5.1.2 Pour Point (Test Method D97) - The pour point can be used as an approximate guide to the minimum temperature for normal pumping and as a general indication of fluid type and low temperature properties. Should a heat transfer system be likely to be subjected to low temperatures when not in use, the system should be trace heated to warm the fluid above minimum pumping temperature before start-up.
5.1.3 Viscosity (Test Method D445) - Fluid viscosity is of importance in the determination of Reynolds and Prandtl numbers for heat transfer systems, to estimate fluid turbulence, heat transfer coefficient, and heat flow. Generally, a fluid that is above approximately 200 centistokes is difficult to pump. The pump and system design will determine the viscosity limit required for pumping. The construction of a viscosity/temperature curve using determined viscosities can be used to estimate minimum pumping temperature.
5.1.4 Specific Gravity (Test Method D1298) - Hydraulic shock during pumping has been predicted via the use of a combination of density and compressibility data.

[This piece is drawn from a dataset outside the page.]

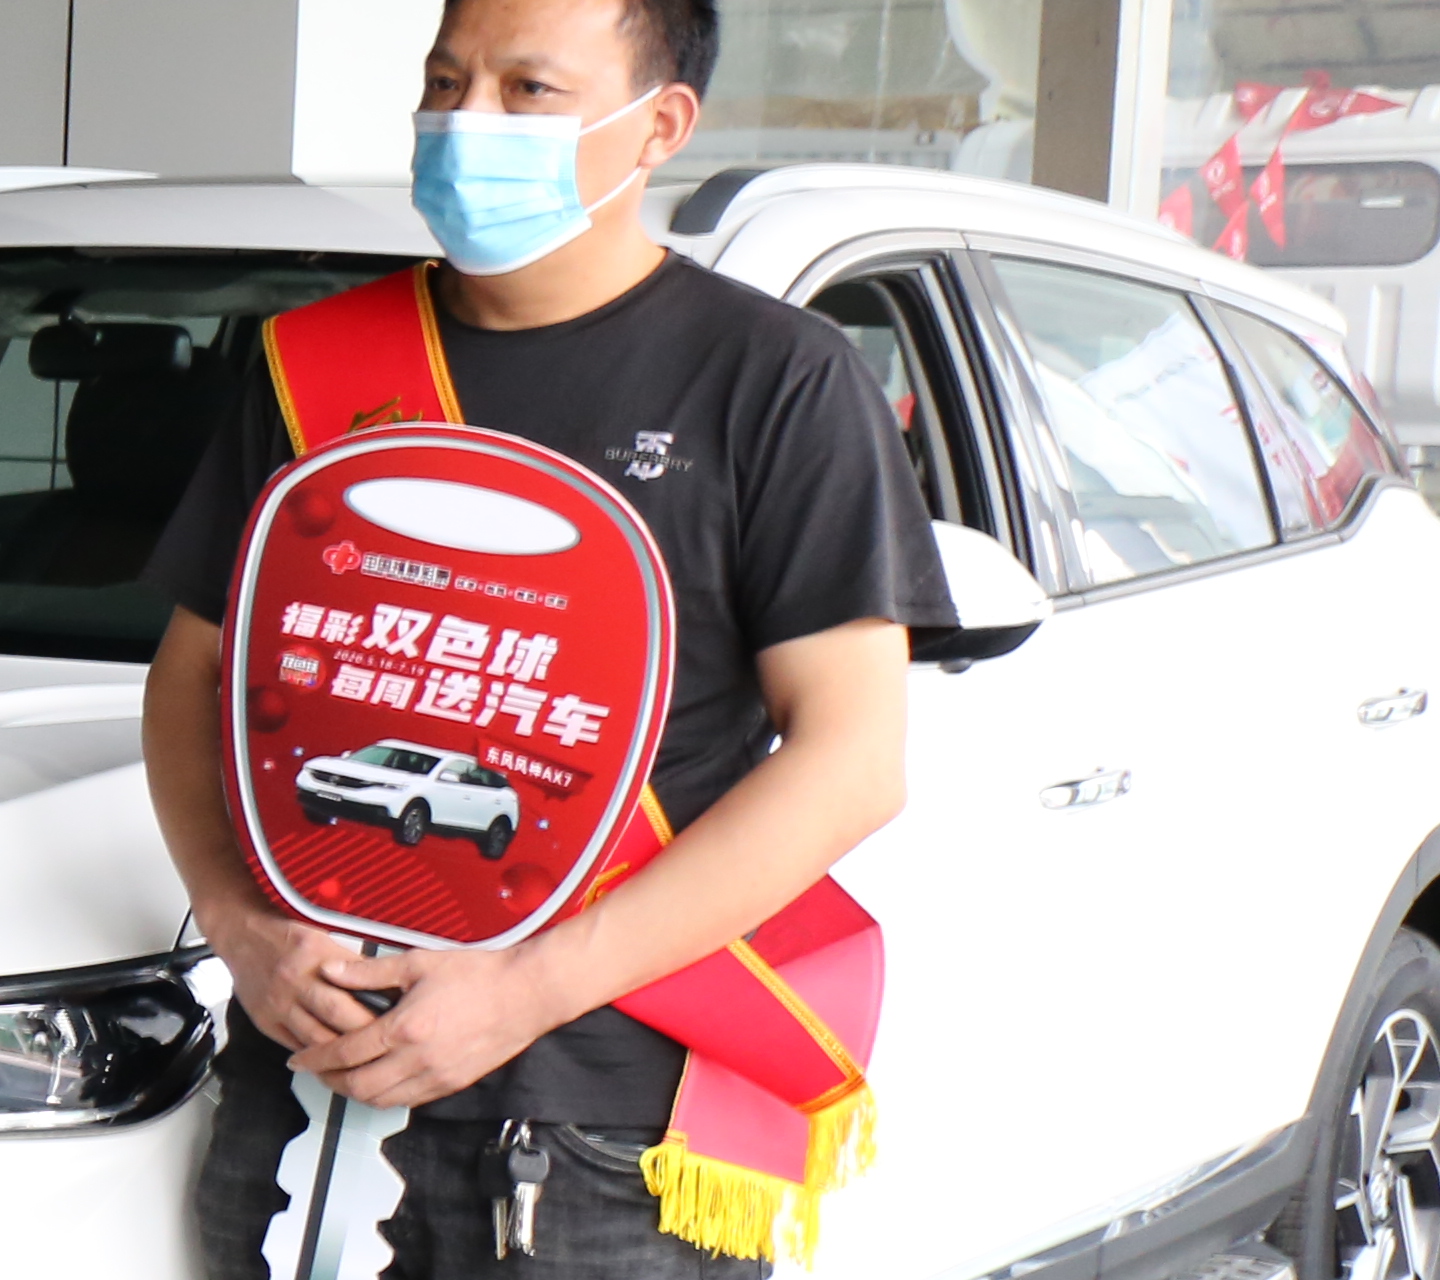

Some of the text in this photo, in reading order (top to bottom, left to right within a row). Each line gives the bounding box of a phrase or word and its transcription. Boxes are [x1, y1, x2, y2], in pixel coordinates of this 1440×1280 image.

5.1.5 Water Content (Test Method D95) - The water content of a fresh heat transfer fluid can be used to indicate how long the heat transfer system must be dried out during commissioning, while raising the bulk oil temperature through the 100°C plus region, with venting, before the system can be safely used at higher temperatures. The expansion tank should be full during the operations to ensure that moisture is safely vented in the lowest pressure part of the systems. Positive nitrogen pressure on the heat exchange systems will minimize entry of air or moisture. Heat transfer systems operating at temperatures of 120° or greater must, for reasons of safety, be dry, because destructive high pressures are generated when water enters the high temperature sections of the system. Heating the oil before it is placed in service also removes most of the dissolved air in the oil. If not removed, the air can cause pump cavitation. The air can also accumulate in stagnant parts of the system at high pressure and could cause an explosion.
5.2 Safety in Use:
5.2.1 Autoignition Temperature (Test Method E659) - The above test relates to the autoignition temperature of a bulk fluid. Hydrocarbon fluids absorbed on porous inert surfaces can ignite at temperatures more than 50°C (approximately 100°F) lower than indicated by Test Method E659. An open flame will ignite leaking hydrocarbon fluids exposed on a porous surface at any temperature.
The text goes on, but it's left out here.